Nicki Minaj’s Friends Injury Balls Week Dominated Twitter


The Monitor is a weekly column learned everything that happens in the WIRED world of culture, from movies to memes, TV to Twitter.

Sometimes, society just has to say the wrong thing at the right time. This week, that thing was Nicki Minaj tweeting about her cousin’s friend balls.

Come back. On Monday, as some of the most fashionable people in the world were delivered with Gala in New York City, the rapper tweet the following: “They want you to be vaccinated for the Met. if vaccinated is not [be] for the Met. Once I feel like I’ve done enough research. I do that now. In the meantime my dear ones, you are safe. Wear the mask with 2 ropes that hold your head and face. That’s not loose. “It’s OK. For someone with more than 22 million followers, skepticism about the vaccine is not ideal, but at least Minaj encourages wearing a mask.
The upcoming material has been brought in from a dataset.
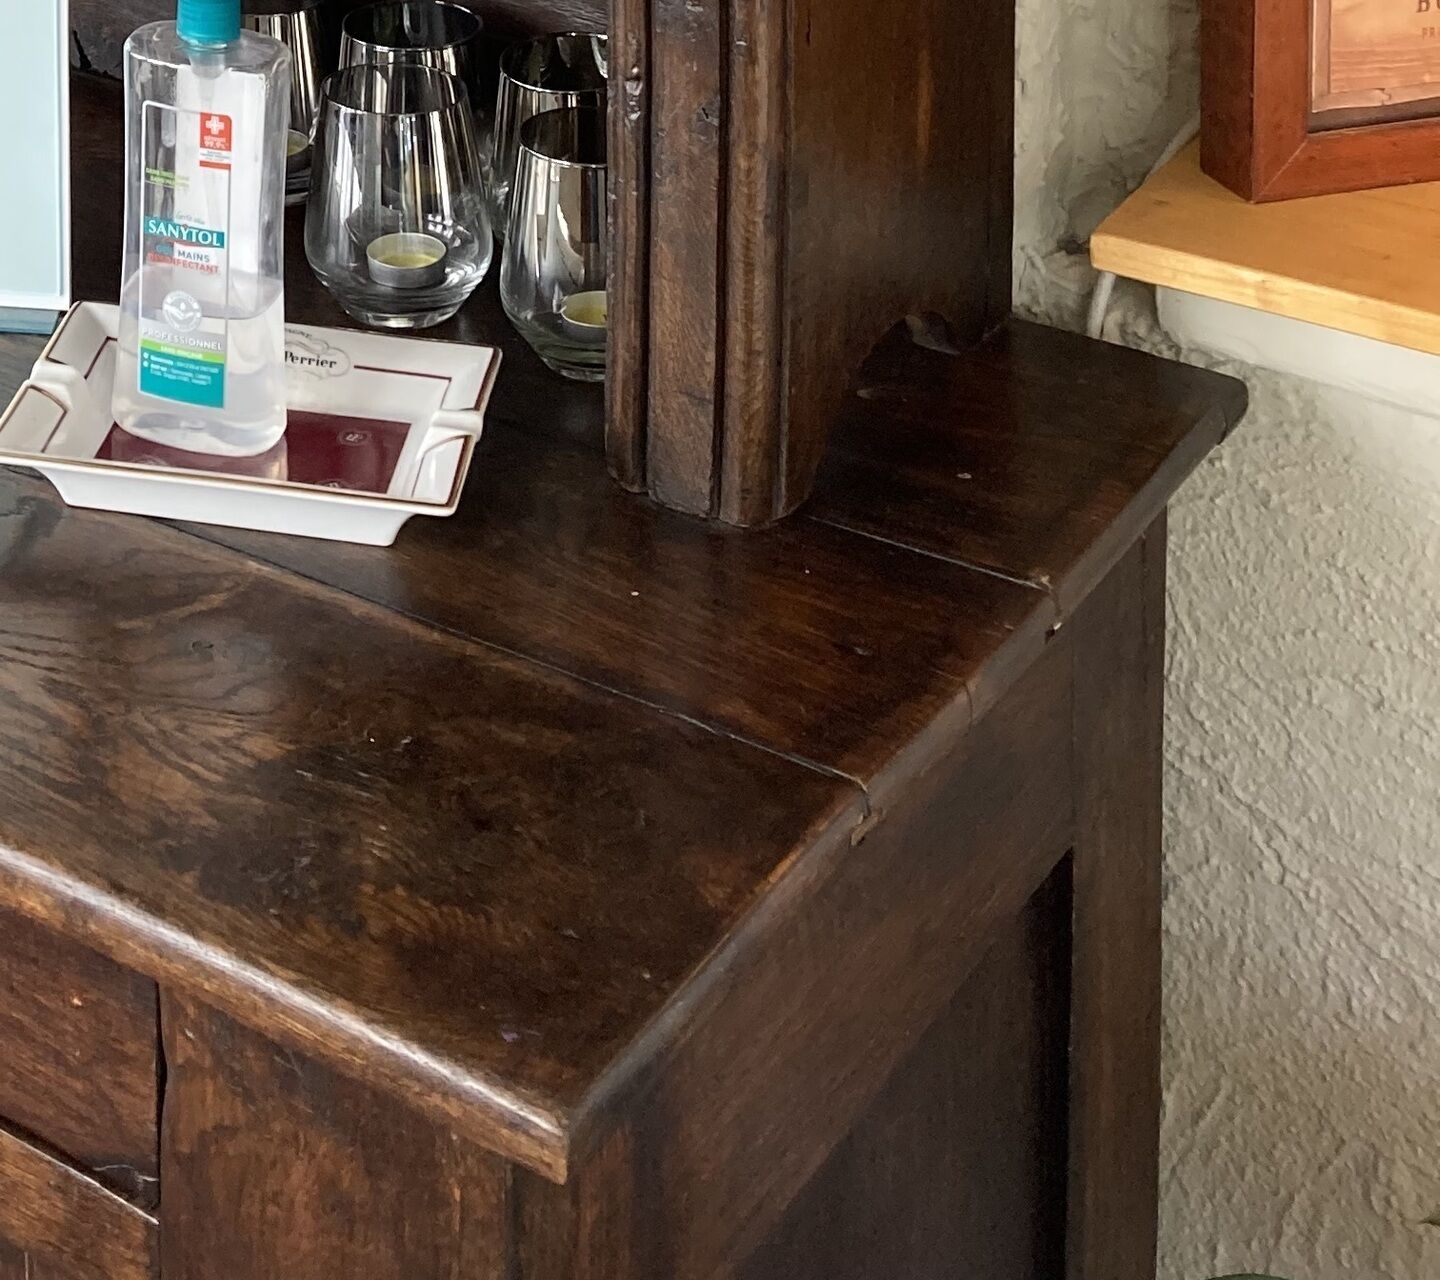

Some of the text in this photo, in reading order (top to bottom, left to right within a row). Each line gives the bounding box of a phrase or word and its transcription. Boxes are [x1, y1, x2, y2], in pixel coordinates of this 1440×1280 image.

[148, 219, 221, 247] SANYTOL
[177, 249, 211, 263] MAINS
[141, 327, 223, 351] PROFESSIONNEL
Shortly after that, came the tweet that will dominate the internet for many days to come. “My cousin in Trinidad cannot get the vaccine. His theses swelled. Her friend was a few weeks away from getting married, now the woman has stopped getting married. Just pray about it and make sure you are comfortable with your decision, not being bullied. “Oh boy, where to start? Rejecting the fact that it’s as if Minaj’s cousin’s friend contracted a sexually transmitted infection, it’s a kind of commentary that spreads, well, like an STI.

First the reactions came to what Minaj mentioned. If you don’t already know how to play out the Covid Controversies, here’s TLDR: Most people come to explain that vaccines have no effect on birth and that people have to, you know, get them, and others jumped to thank Minaj for supporting “release”And to try to claim that governments that offer initiation are any coercion.

Go to the next level. The hosts of the night had already started coming in with jabs. Fox News ’Tucker Carlson defended Minaj’s tweet, saying“ our media and public health officials don’t like the public. [it] because they make people kind. “The white house offered to connect Minaj with doctors to discuss part of her concerns. Director of the National Institute of Allergy and Infectious Diseases Anthony Fauci demolished claiming infertility from a tweet in a CNN interview. If all that wasn’t enough, Terrence Deyalsingh, the health minister of Trinidad and Tobago, where Minaj’s cousin lives, gave a press conference on Wednesday explaining that his department spends most of days before the investigation of Minaj’s claims only to find out, of course, that enlarged testicles were not an effect of the Covid-19 vaccine, and she found no evidence in any case. in Trinidad. “Unfortunately we wasted a lot of time yesterday abandoning this false claim,” he said.

In fact, of all the shenanigans that have taken place in Minaj’s tweets, this is the wasted time that feels the most lost. Yes, I may be wasting even more time on this column, but listen to me, in another minute. The problem here isn’t that, as Carlson says, Minaj has shown skepticism about the vaccine. No one has ever said that people are not free to make their own decisions. What they say is that those decisions affect the health of others. What they are saying is that we live in a hyperconnected time where all the information in the world is a keystroke, and when someone says they want to do their own research and then offer an anecdote about the a person’s friend’s testicle as a counterargument, that’s untrue research. Heard it. Everything would be different if what Minaj said about the Met Gala and then linked to a report or peer -reviewed study. On the internet, the “just ask” argument is not bad because skepticism is bad. Not really. It’s bad because those questions have answers. It’s not about silencing Nicki Minaj; it’s about hoping he’ll listen.